Indeed, as Keynes and others showed, cutting wages to generate higher employment levels is likely to worsen the unemployment situation because workers would cut their spending as their incomes fell.
BIG theory and Modern Monetary Theory
In addition to constructing the problem of income insecurity incorrectly, the mainstream BIG literature advocates the introduction of a BIG within a so-called ‘fiscal neutral’ environment.
In other words, they tend to advocate solutions that have no net impact on the fiscal outcome recorded by the national government implementing the scheme.
This is presumably to allay the criticism of the neo-liberals who eschew government deficits.

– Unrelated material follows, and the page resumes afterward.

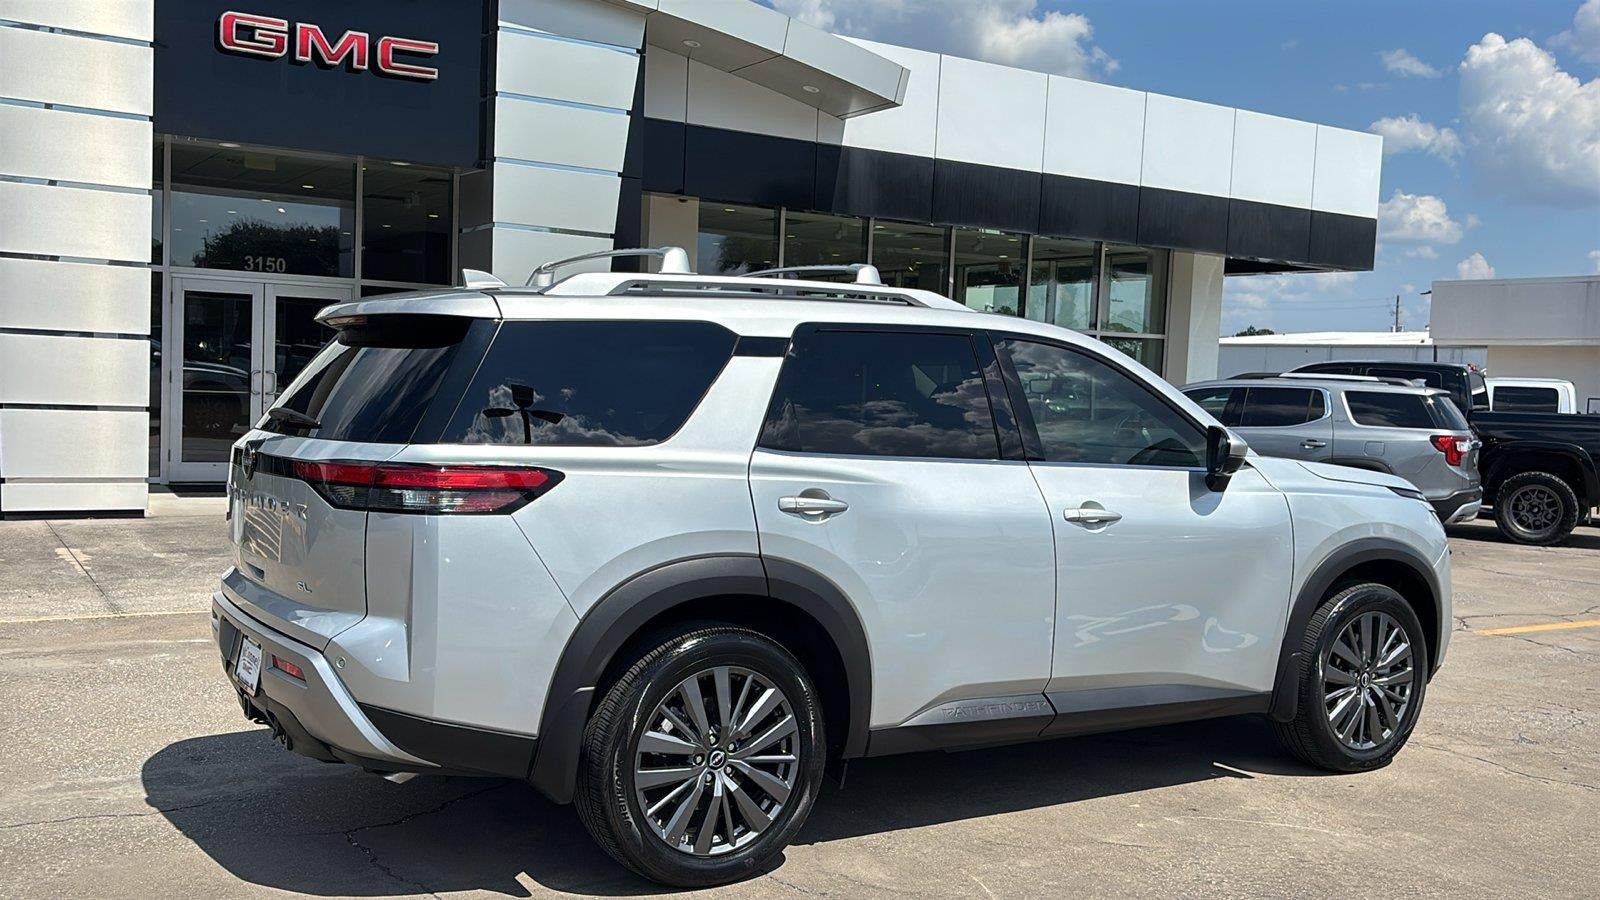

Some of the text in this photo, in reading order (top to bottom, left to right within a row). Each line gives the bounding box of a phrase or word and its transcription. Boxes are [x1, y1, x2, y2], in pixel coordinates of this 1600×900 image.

[219, 11, 439, 79] GMC
[244, 255, 286, 272] 3150
[297, 581, 312, 593] SL
[941, 701, 1047, 717] PATHFINDER

Another way of thinking about this is that one of the sensitive issues for BIG proponents relates to the perceived ‘cost’ (in monetary terms) of the program.

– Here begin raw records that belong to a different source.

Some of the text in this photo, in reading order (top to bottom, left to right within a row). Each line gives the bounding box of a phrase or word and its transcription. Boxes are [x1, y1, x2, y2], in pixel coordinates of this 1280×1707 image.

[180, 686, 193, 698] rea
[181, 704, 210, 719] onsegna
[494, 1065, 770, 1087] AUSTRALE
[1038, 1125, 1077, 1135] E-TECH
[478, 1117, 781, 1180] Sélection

But it is here that we appreciate the basic income proposals are typically based on an erroneous understanding of the capacity of the currency-issuing government.
An understanding of Modern Monetary Theory (MMT) allows us to appreciate that much of the debate about the viability of the BIG is conducted on the false premise that the government is financially constrained.

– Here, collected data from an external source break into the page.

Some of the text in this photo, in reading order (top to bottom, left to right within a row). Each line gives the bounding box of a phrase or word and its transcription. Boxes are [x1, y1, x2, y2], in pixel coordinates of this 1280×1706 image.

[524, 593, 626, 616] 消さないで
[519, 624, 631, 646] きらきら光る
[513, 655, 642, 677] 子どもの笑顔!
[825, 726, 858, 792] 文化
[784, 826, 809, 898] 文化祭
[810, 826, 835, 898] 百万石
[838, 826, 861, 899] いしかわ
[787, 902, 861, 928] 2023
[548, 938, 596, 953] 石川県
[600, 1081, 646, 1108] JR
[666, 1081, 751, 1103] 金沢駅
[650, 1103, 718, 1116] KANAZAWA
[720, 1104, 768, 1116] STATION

Mitchell and Watts (2004: 8) argue that:
It is convenient for neo-liberals to cloak their contempt for government spending (unless it is specifically assistance that advances the interests of their own lobby group) in the authoritative sounding concept borrowed from orthodox economics known as the ‘government budget constraint’ (GBC).
But any sovereign government has a monopoly over the issue of fiat-currency and, as such, its spending choices are never intrinsically revenue constrained.
The neo-liberal myth that governments can ‘run out of money’ starts with a false analogy between household and government budgets.
The analogy misunderstands that a household, the user of the currency, must finance its spending, ex ante, whereas the government, the issuer of the currency, spends first and never has to worry about financing (Mitchell and Mosler, 2002).
[Reference: Mitchell, W.F. and Mosler, W (2002) ‘The imperative of fiscal policy for full employment’, Australian Journal of Labour Economics, 5(2), 243-259.]
All the constraints such a government faces are either voluntary (political and ideological) or induced by a lack of real resources available for purchase.
At times of mass unemployment it is hard to argue that there are significant real resource constraints on government spending.
The currency-issuing government has an obligation to ensure that its net spending (government spending in excess of tax revenue or fiscal deficit) is sufficient to maintain full employment.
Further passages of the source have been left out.